January 10, 2012
New Doubts Surface About Nicotine Replacement Therapies
According to a rigorous long-term study of so-called nicotine replacement therapy, nicotine gum and patches that millions of smokers use to help kick their habit have no lasting benefit and may backfire in some cases, reports Benedict Carey for the NY Times.
The study of 787 people attempting to quit smoking over a period of several years is likely to inflame a long-running debate about the value of nicotine alternatives. In surveys smokers who have used the over-the-counter products, either as part of a program or on their own, have reported little benefit.
Those who had used replacements were just as likely to relapse as those who had quit without them, researchers from Harvard University and the University of Massachusetts found.
“This may indicate that some heavily dependent smokers perceive NRT [nicotine replacement therapy] as a sort of ℠magic´ pill, and, upon realizing it is not, they find themselves without support in their quitting efforts, doomed to failure,” the researchers wrote.
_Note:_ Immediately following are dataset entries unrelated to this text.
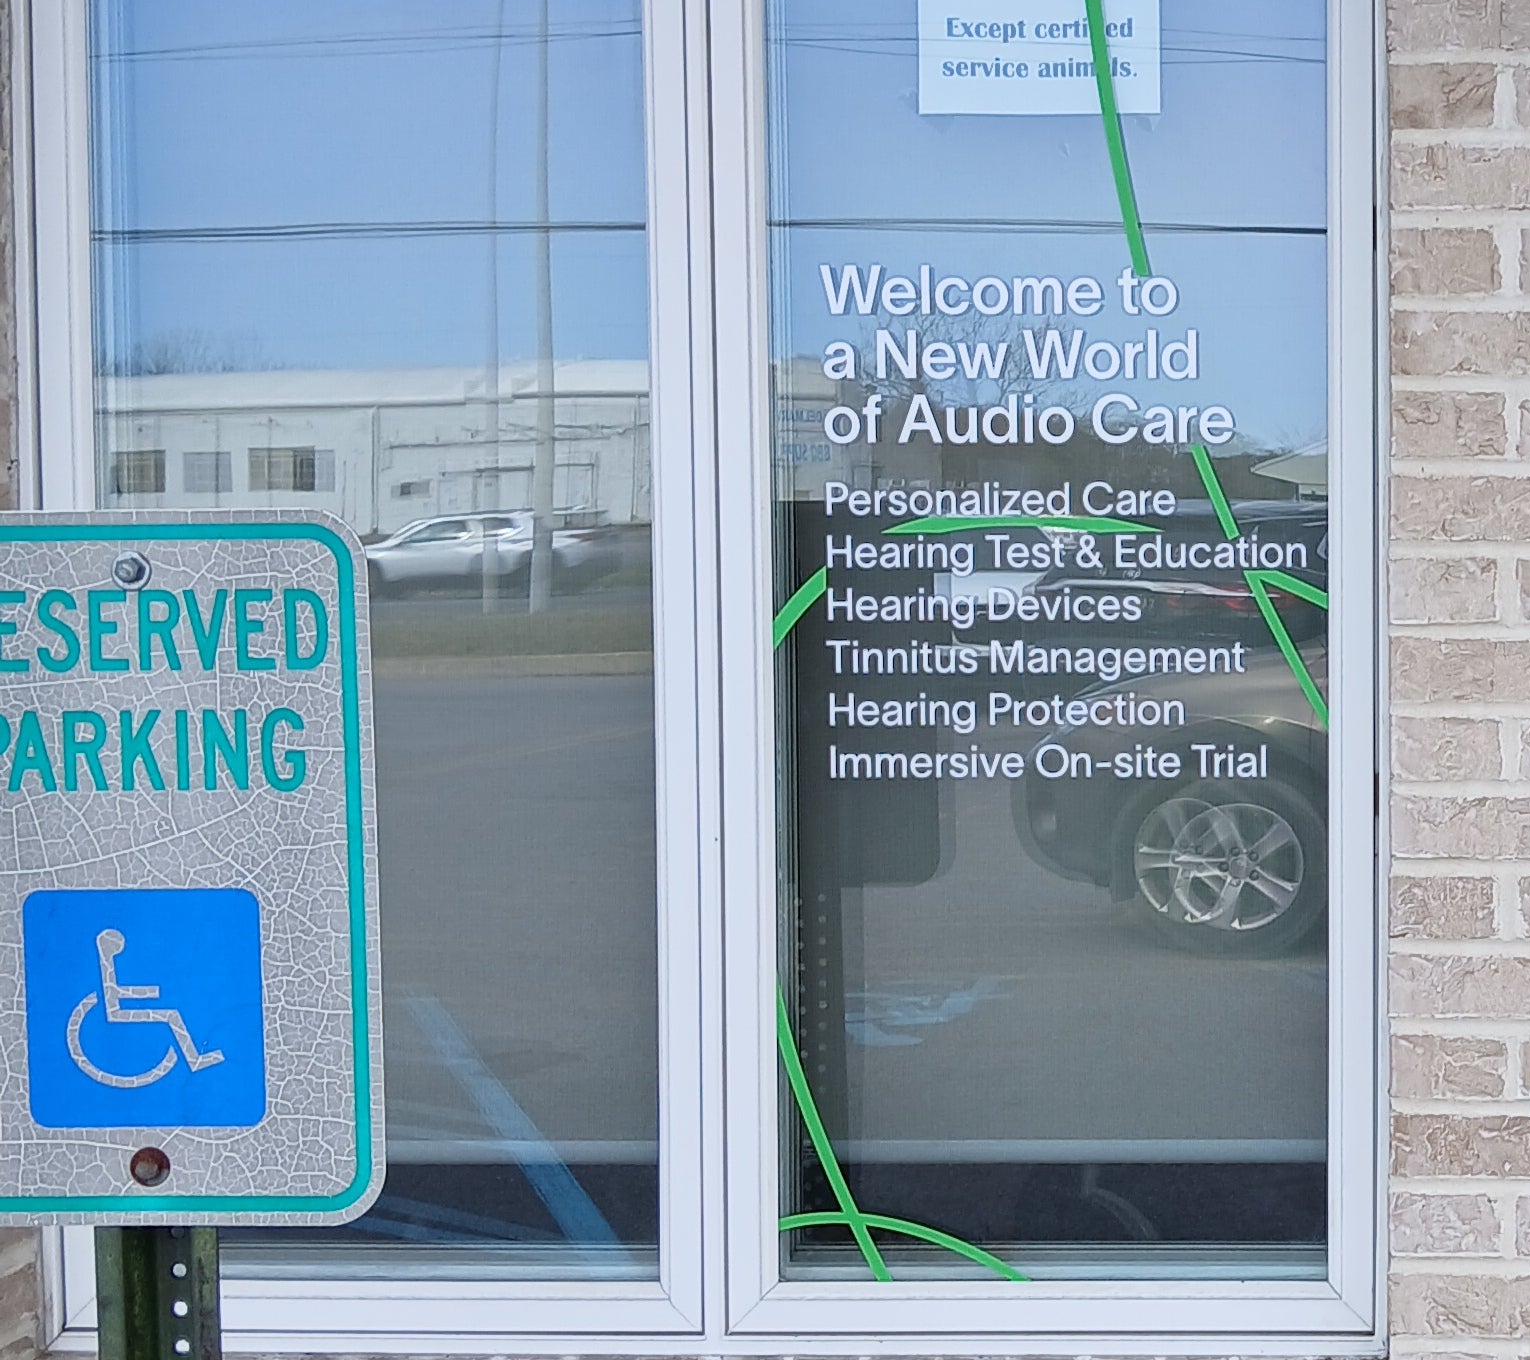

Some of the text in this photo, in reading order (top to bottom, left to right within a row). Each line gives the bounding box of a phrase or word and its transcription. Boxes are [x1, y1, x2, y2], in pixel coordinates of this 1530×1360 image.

[946, 17, 1133, 43] Except certied
[942, 56, 1138, 78] service animls.
[821, 265, 1178, 316] Welcome to
[824, 330, 1199, 381] a New World
[824, 394, 1235, 445] of Audio Care
[826, 482, 1177, 517] Personalized Care
[827, 536, 1308, 576] Hearing Test & Education
[828, 588, 1143, 627] Hearing Devices
[827, 640, 1246, 682] Tinnitus Management
[830, 693, 1186, 735] Hearing Protection
[0, 708, 307, 793] ARKING
[830, 745, 1269, 779] Immersive On-site Trial
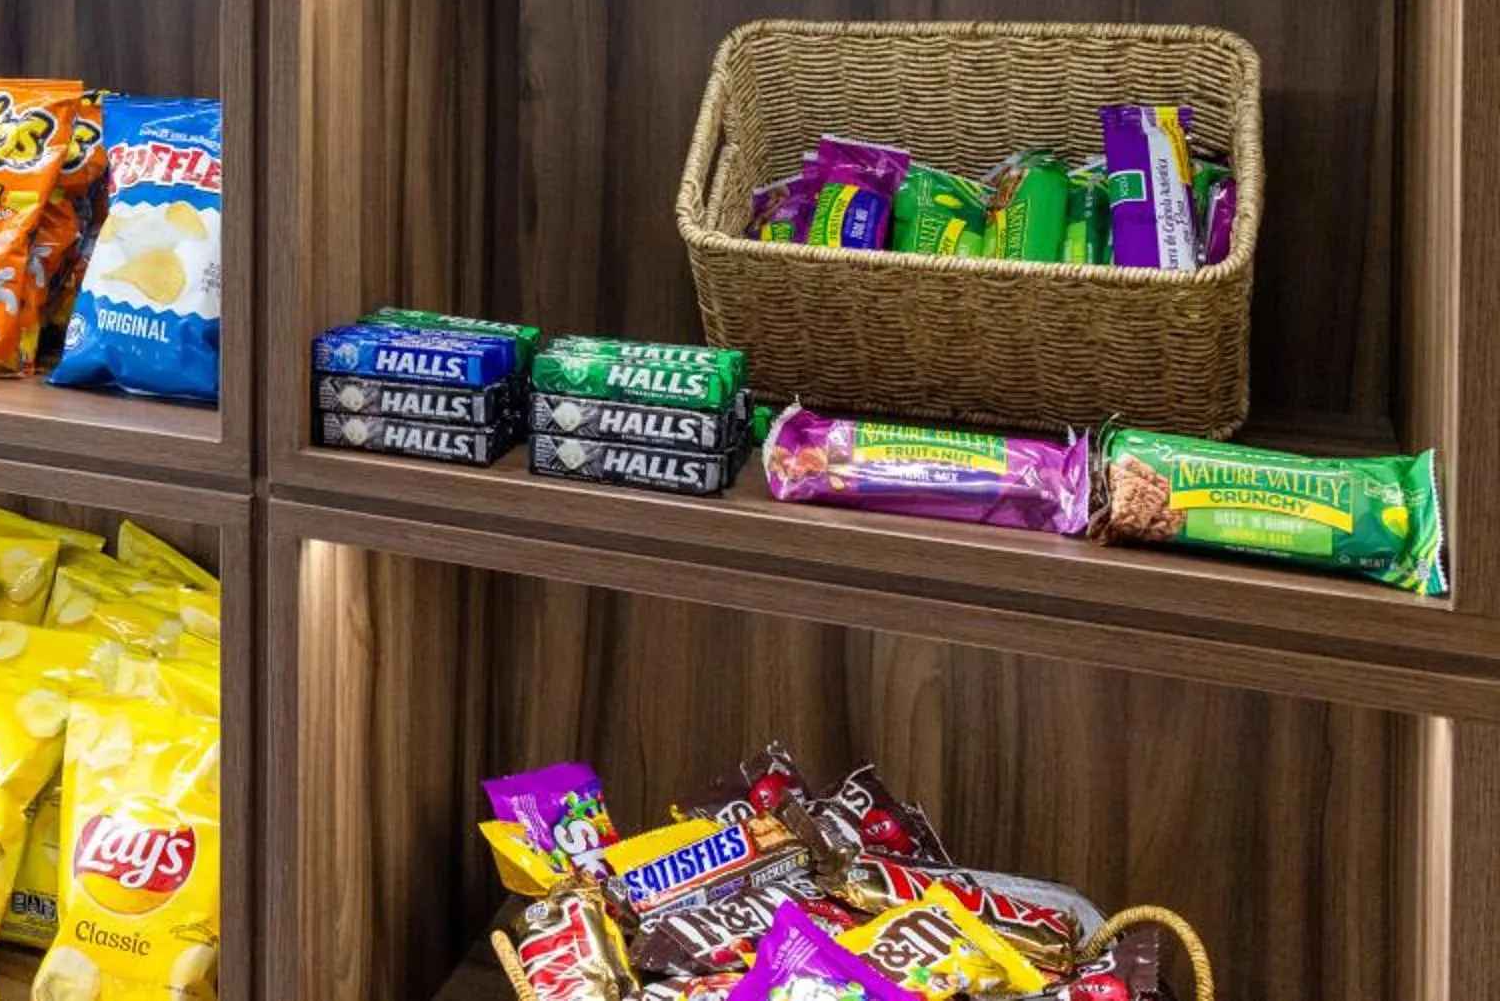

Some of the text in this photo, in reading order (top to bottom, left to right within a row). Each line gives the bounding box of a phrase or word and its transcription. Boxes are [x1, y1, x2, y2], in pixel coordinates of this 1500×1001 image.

[98, 308, 170, 343] ORIGINAL
[376, 350, 463, 379] HALLS
[607, 365, 706, 397] HALLS
[381, 390, 468, 419] HALLS
[384, 426, 470, 455] HALLS
[600, 409, 698, 441] HALLS
[604, 449, 701, 485] HALLS
[1179, 460, 1346, 508] NATURE VALLEY
[1209, 490, 1309, 514] CRUNCHY
[77, 816, 191, 890] Lay's
[625, 825, 747, 901] SATISFIES
[75, 920, 151, 956] Classic
The new study examined former smokers three times over a five-year period. At the midpoint of the study, 30.6 percent of recent quitters had gone back to smoking. By the end, 31.3 percent had relapsed.
We were hoping for a very different story,” said Dr. Gregory N. Connolly, director of Harvard´s Center for Global Tobacco Control and a co-author of the study. “I ran a treatment program for years, and we invested” millions in treatment services.
“Patient compliance is a very big issue,” Dr. Richard Hurt, director of the Nicotine Dependence Center at the Mayo Clinic, who was not involved in the study told the NY Times reporter. Hurt continues by claiming products like nicotine gum and patches “are absolutely essential, but we use them in combinations and doses that match treatment to what the individual patient needs,” unlike smokers who are self-treating.
However, GlaxoSmithKline Consumer Healthcare, makers of Nicorette, Nicoderm, Commit lozenges and other smoking cessation products, explain that relapse rates are due to users not completing the recommended program instructions.
The company noted that most of the adults in the study who used nicotine replacement products didn´t use them for the recommended eight weeks. Had those people followed directions, they might have had more success.
“Hundreds of clinical trials involving more than 35,000 participants and extensive consumer use for more than 20 years have proven both the efficacy and safety of NRT when used as directed,” the company said in a statement. “NRT products have helped millions of smokers quit by gradually weaning them off of their tobacco addiction and is recommended as a first-line therapy for quitting,” they told Karen Kaplan of the Los Angeles Times
Professor of medicine in the division of cardiology at the University of California, San Francisco´s Center for Tobacco Control Research and Education, Stanton Glantz, tells USA Today the new study “is a real challenge to the routine use of over-the-counter NRT outside of a clinical setting.”
“The findings don´t surprise me,” he added. “And they perhaps serve as an important cautionary tale about the way we might want to use our public dollars, and what is, and what is not, good public health policy.”
“For example, we already know that increasing the price of cigarettes, public messaging, and strong legislation restricting indoor smoking work, and work very well, as a matter of policy,” Glantz noted. “But this study suggests that NRT doesn´t actually buy you anything when used over the counter. So using public funds to support NRT use in that way may not be such a great idea.
“But at the same time,” he added, “this is just one study, and it´s not terribly huge. And this study isn´t saying that these pharmacologic aids don´t work at all. It just says that NRT doesn´t work in the unsupervised, over-the-counter context. So we don´t necessarily want to throw out the baby with the bathwater.”
The stusy was published Monday in the journal Tobacco Control.